■ Task to carry out: Please output the records below word for word and omit the pictures.

Collected data entries:
=-=-=-=-=

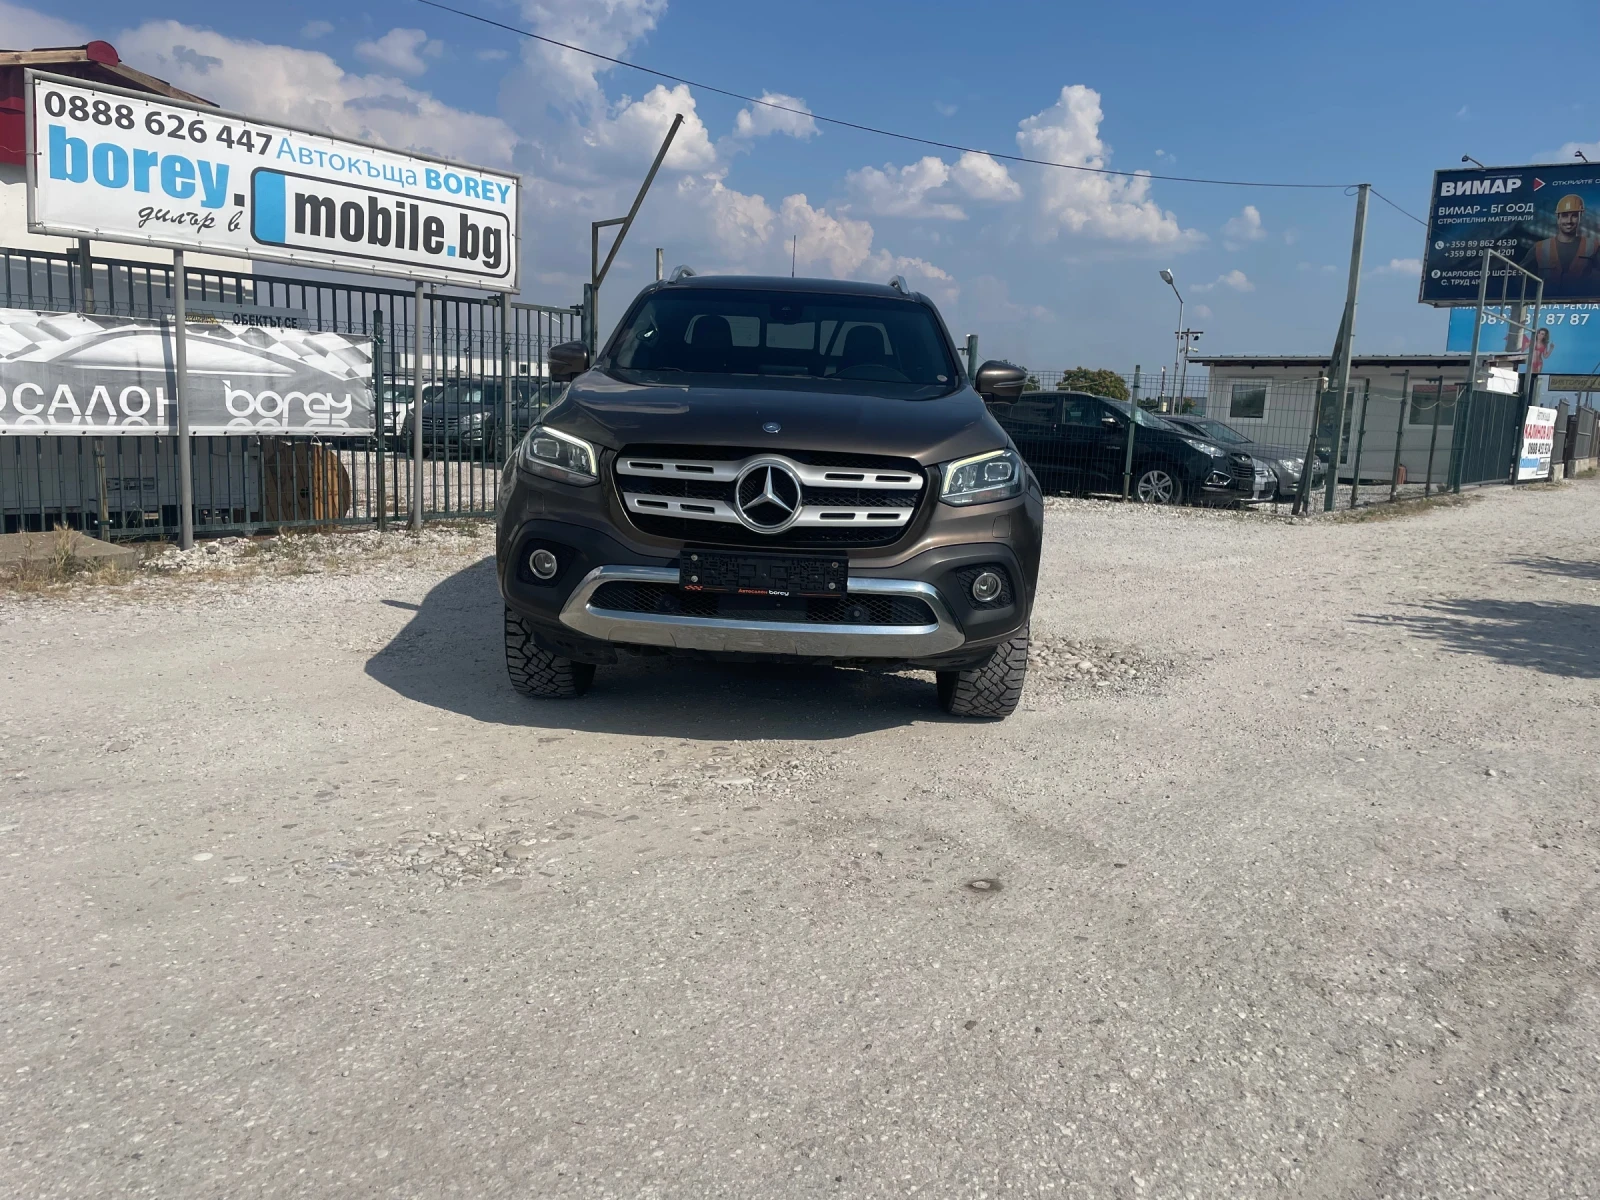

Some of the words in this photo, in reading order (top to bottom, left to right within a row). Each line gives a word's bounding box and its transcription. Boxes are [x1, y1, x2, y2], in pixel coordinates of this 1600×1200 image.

[44, 91, 135, 130] 0888
[144, 111, 207, 143] 626
[215, 125, 272, 155] 447
[425, 168, 510, 204] BOREY
[1440, 178, 1522, 196] ВИМАР
[138, 206, 216, 234] дилър
[1438, 205, 1480, 216] ВИМАР
[1490, 204, 1504, 213] БГ
[1506, 203, 1534, 213] ООД
[294, 192, 502, 270] mobile.bg
[233, 314, 281, 328] ОБЕКТЪТ
[284, 317, 297, 328] СЕ
[1545, 314, 1565, 325] 87
[1570, 314, 1590, 325] 87
[0, 382, 178, 417] САЛОН
[222, 380, 352, 418] borey
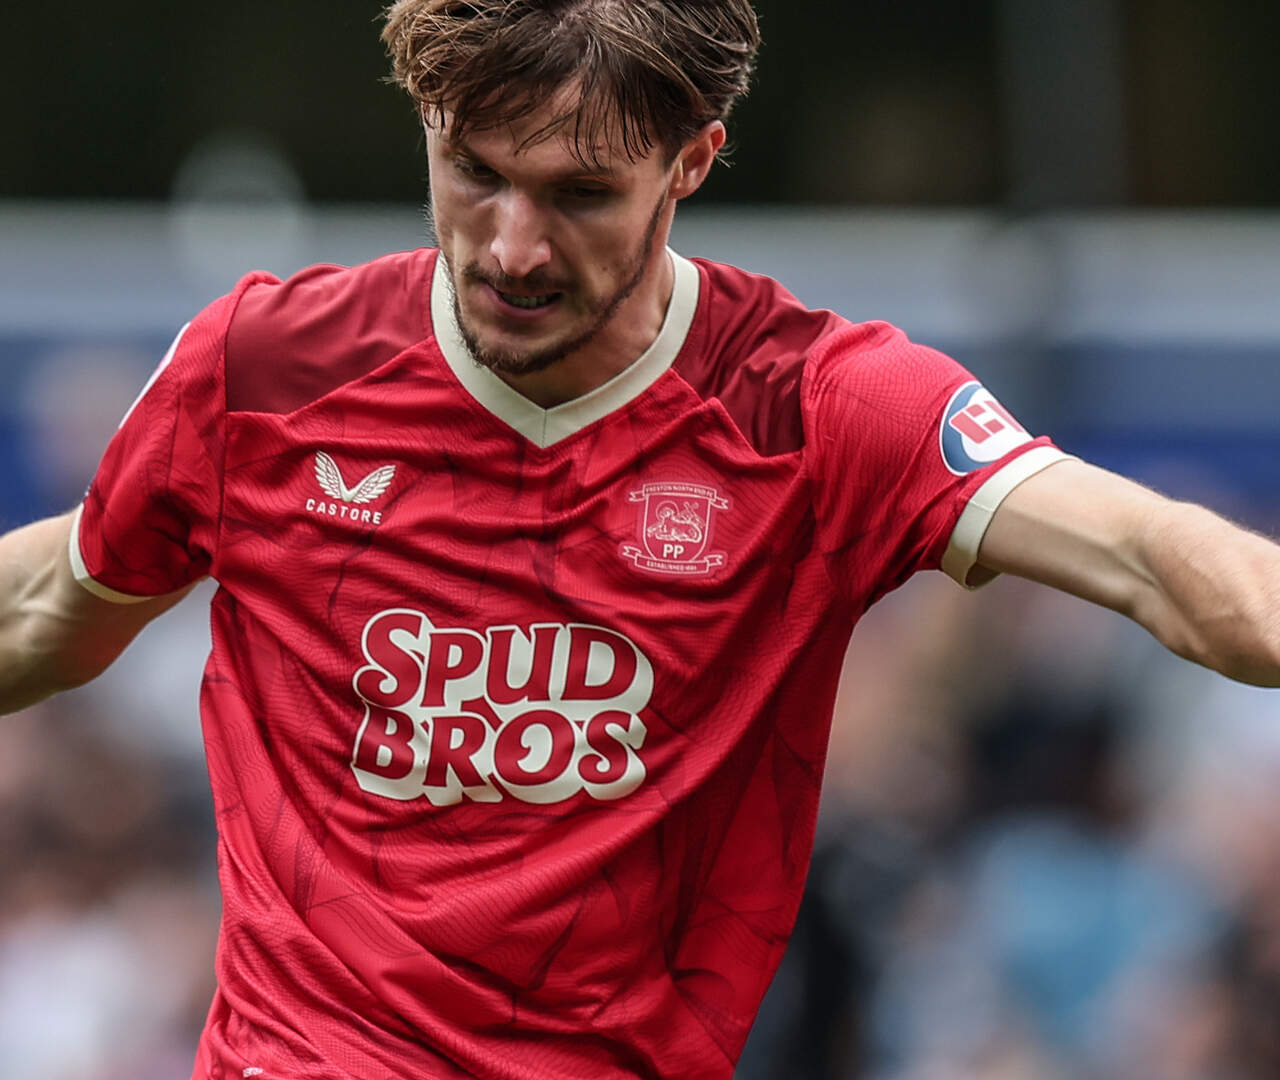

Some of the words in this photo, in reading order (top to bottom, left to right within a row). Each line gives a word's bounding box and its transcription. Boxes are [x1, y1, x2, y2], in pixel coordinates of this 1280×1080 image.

[306, 498, 383, 525] CASTORE
[663, 544, 685, 559] PP
[353, 608, 652, 708] SPUD
[351, 704, 648, 806] BROS
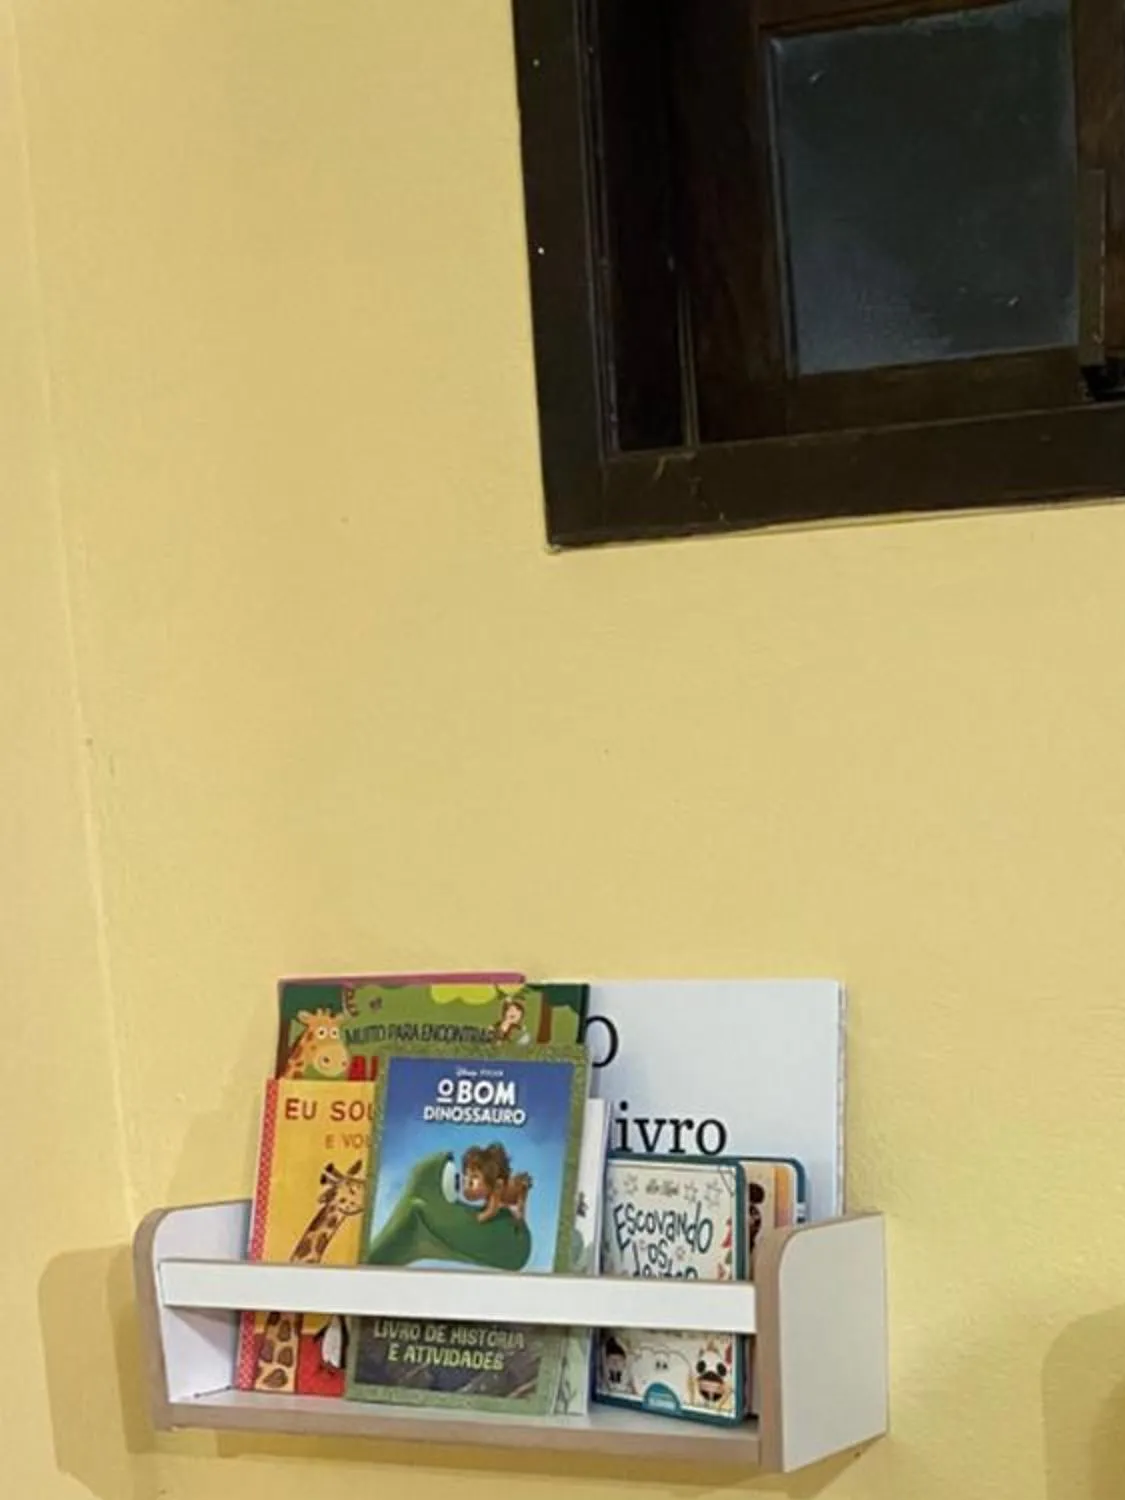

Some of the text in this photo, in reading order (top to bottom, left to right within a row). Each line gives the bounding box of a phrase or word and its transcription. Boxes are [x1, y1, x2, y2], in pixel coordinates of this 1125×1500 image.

[438, 1079, 516, 1106] O BOM
[284, 1098, 318, 1121] EU
[423, 1105, 526, 1126] DINOSSAURO
[614, 1100, 728, 1156] ivro
[613, 1200, 714, 1255] Escovando
[374, 1319, 525, 1349] LIVRO DE HISTÓRIA
[388, 1343, 505, 1370] E ATIVIDADES
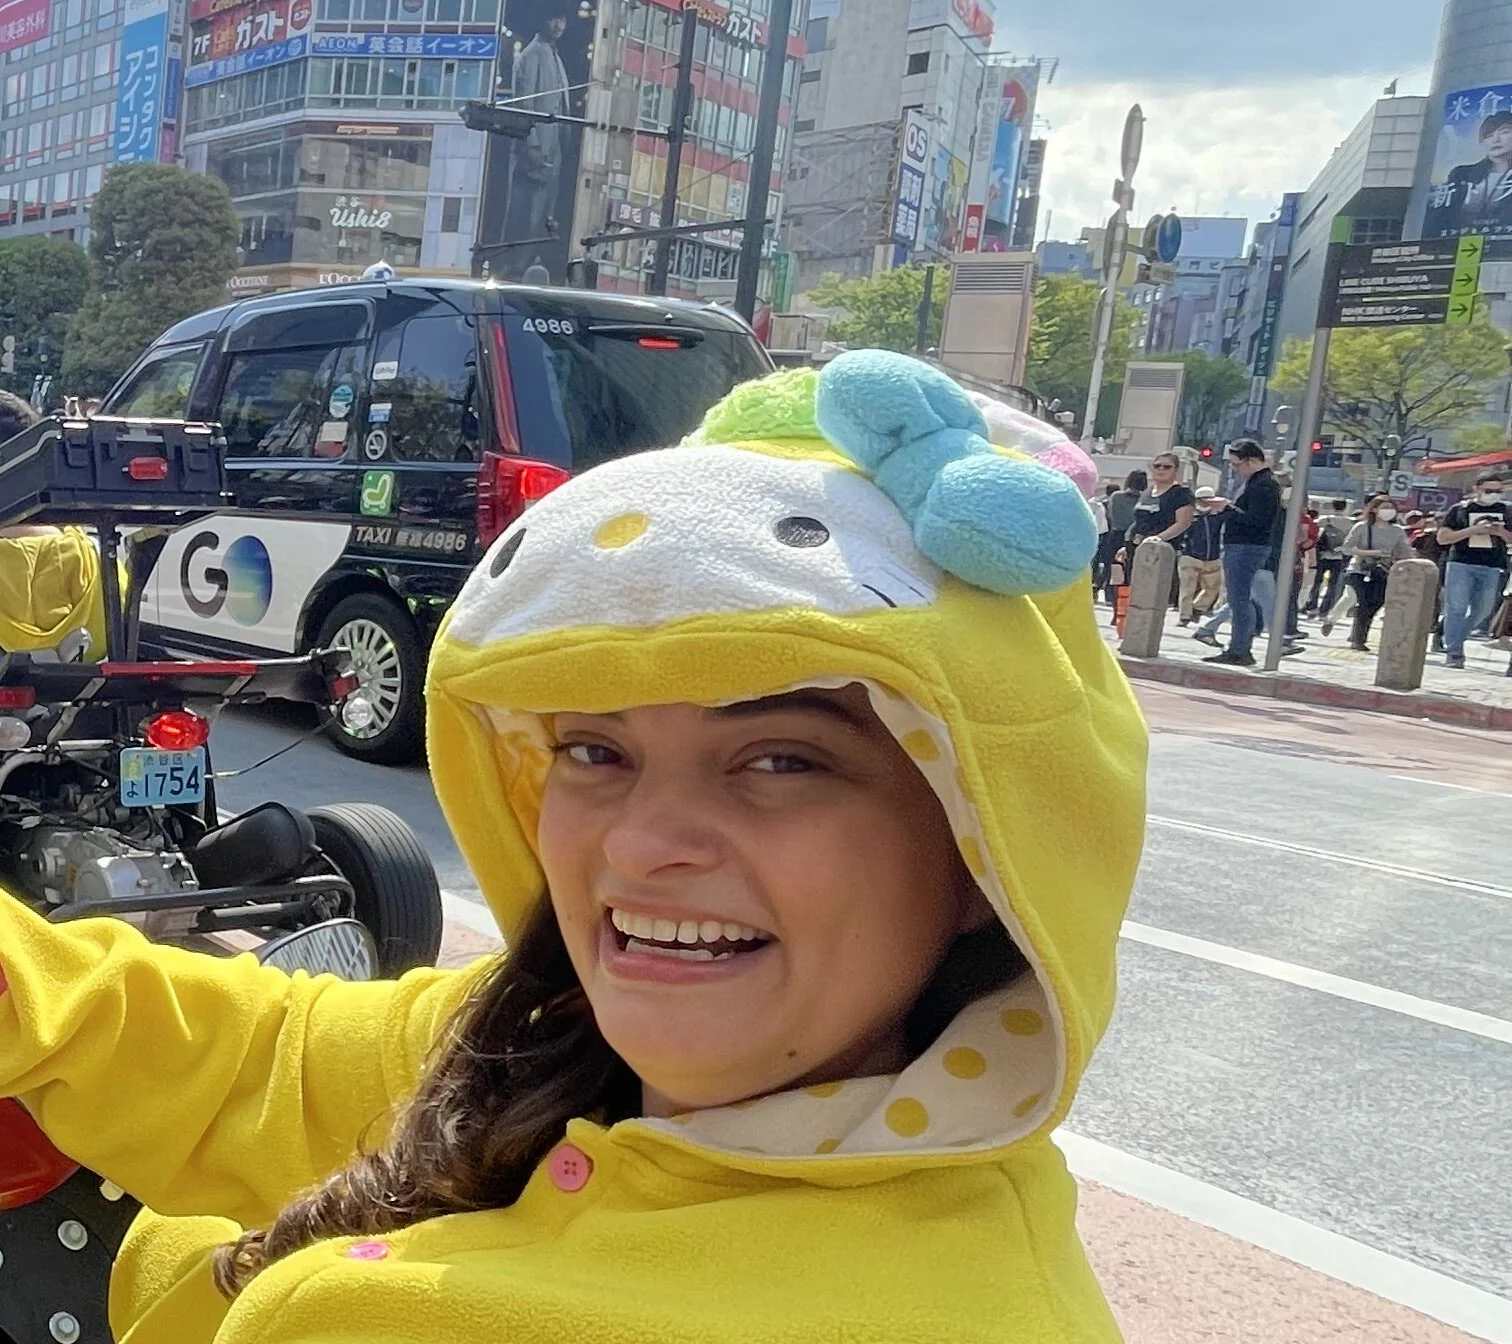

=-=-=-=-=

■ Response for this exercise:
Some of the words in this photo, in reading order (top to bottom, left to right within a row). Each line gives a word's bounding box and its transcription. Boxes are [x1, y1, x2, y2], in pixel coordinates of this 1600×1200 image.

[44, 91, 135, 130] 0888
[144, 111, 207, 143] 626
[215, 125, 272, 155] 447
[425, 168, 510, 204] BOREY
[1440, 178, 1522, 196] ВИМАР
[138, 206, 216, 234] дилър
[1438, 205, 1480, 216] ВИМАР
[1490, 204, 1504, 213] БГ
[1506, 203, 1534, 213] ООД
[294, 192, 502, 270] mobile.bg
[233, 314, 281, 328] ОБЕКТЪТ
[284, 317, 297, 328] СЕ
[1545, 314, 1565, 325] 87
[1570, 314, 1590, 325] 87
[0, 382, 178, 417] САЛОН
[222, 380, 352, 418] borey

Some of the words in this photo, in reading order (top to bottom, left to right within a row). Each line gives a word's bounding box and its transcription. Boxes are [x1, y1, x2, y2], in pixel coordinates of this 1280×1080 image.

[306, 498, 383, 525] CASTORE
[663, 544, 685, 559] PP
[353, 608, 652, 708] SPUD
[351, 704, 648, 806] BROS

Some of the text in this photo, in reading order (top to bottom, left to right within a row). Each line gives the bounding box of a phrase or word and its transcription. Boxes are [x1, y1, x2, y2], in pixel coordinates of this 1125×1500 image.

[438, 1079, 516, 1106] O BOM
[284, 1098, 318, 1121] EU
[423, 1105, 526, 1126] DINOSSAURO
[614, 1100, 728, 1156] ivro
[613, 1200, 714, 1255] Escovando
[374, 1319, 525, 1349] LIVRO DE HISTÓRIA
[388, 1343, 505, 1370] E ATIVIDADES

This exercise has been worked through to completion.